= Higher Technical Examination Programme =

Upper secondary education programme

In Denmark, the Higher Technical Examination Programme (HTX, in Danish: Højere Teknisk Eksamen) is a 3-year vocationally oriented general upper secondary programme which builds on the 10th-11th form of the Folkeskole education system. It leads to the higher technical examination, the HTX-examination, which permits a student to qualify for admission to higher education, subject to the special entrance regulations that apply to the individual course. The programme gives special attention to scientific, technical and communicative subjects.
HTX graduates may study at any Danish technical, scientific or traditional university as well as technical and technological academy (akademi) or college (professionshøjskole).

== HTX-programme ==
The aim of the programme is to give the students a general and technical upper secondary education, which through theoretical and workshop-related teaching, qualifies the students for admission to higher education.
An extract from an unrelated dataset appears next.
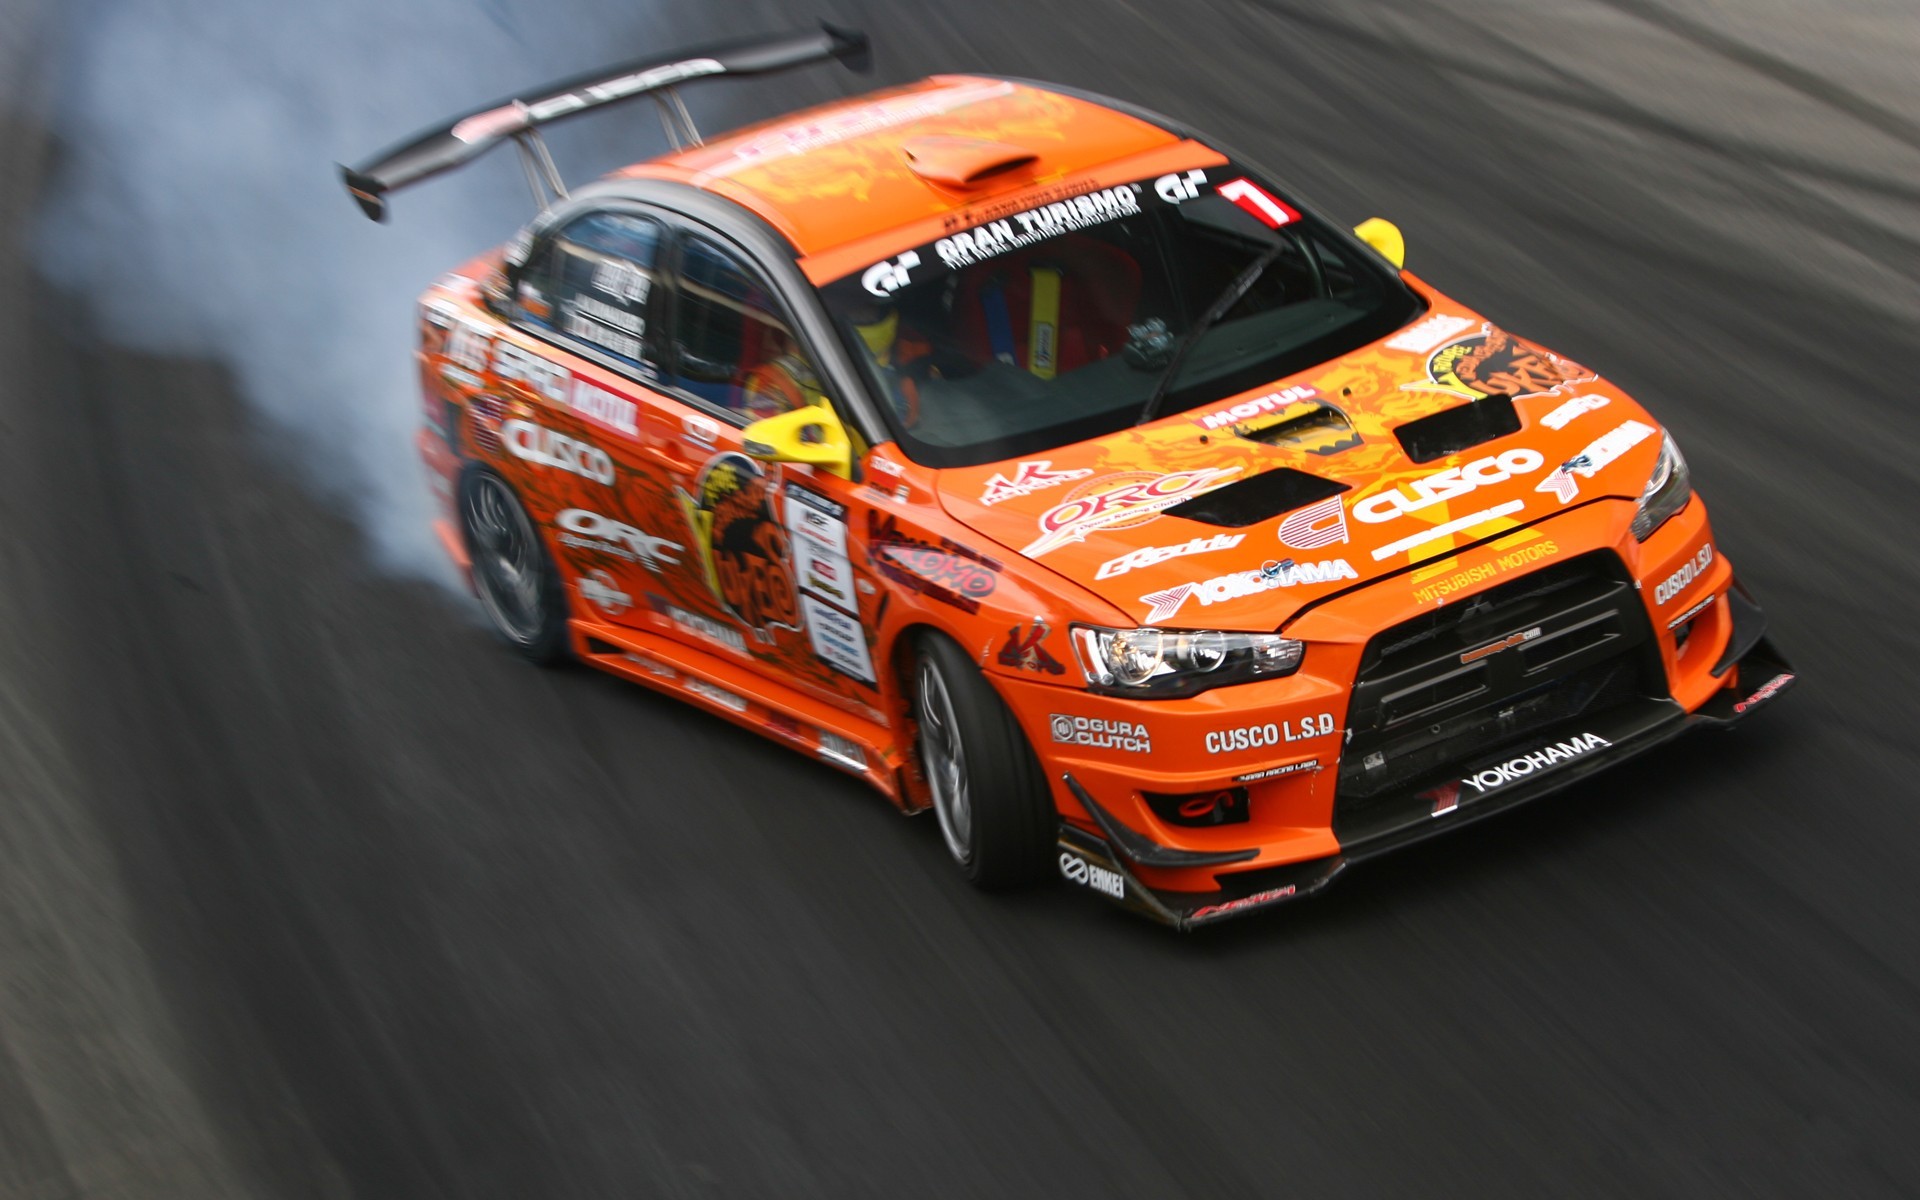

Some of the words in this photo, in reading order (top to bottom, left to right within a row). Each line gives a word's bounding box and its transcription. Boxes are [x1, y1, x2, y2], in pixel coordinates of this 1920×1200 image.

The programme furthermore provides a partial basis for occupational employment and qualifies the student for a reduction of the schooling period in a vocational education and training programme.

The HTX-programme is a 3-year programme. The introductory 6-month semester details the aims of the secondary school period of the vocational education and training programmes offered by the college.

The programme caters to the 16 to 19-year-old bracket and is divided into years with a certain number of obligatory and optional subjects of both a general and a vocational nature. Students may have the same teacher for different subjects throughout the programme.

The programme builds on the 9th form of the Folkeskole education system or a corresponding qualification and is of 3 years' duration. The school organises the teaching so that the aims of individual subjects are met, before the students are to be examined in the subject. Each student completes their own final project.

=== Admission requirements ===
The 3-year HTX-programme builds on to the 10th year of the Folkeskole education system or similar education.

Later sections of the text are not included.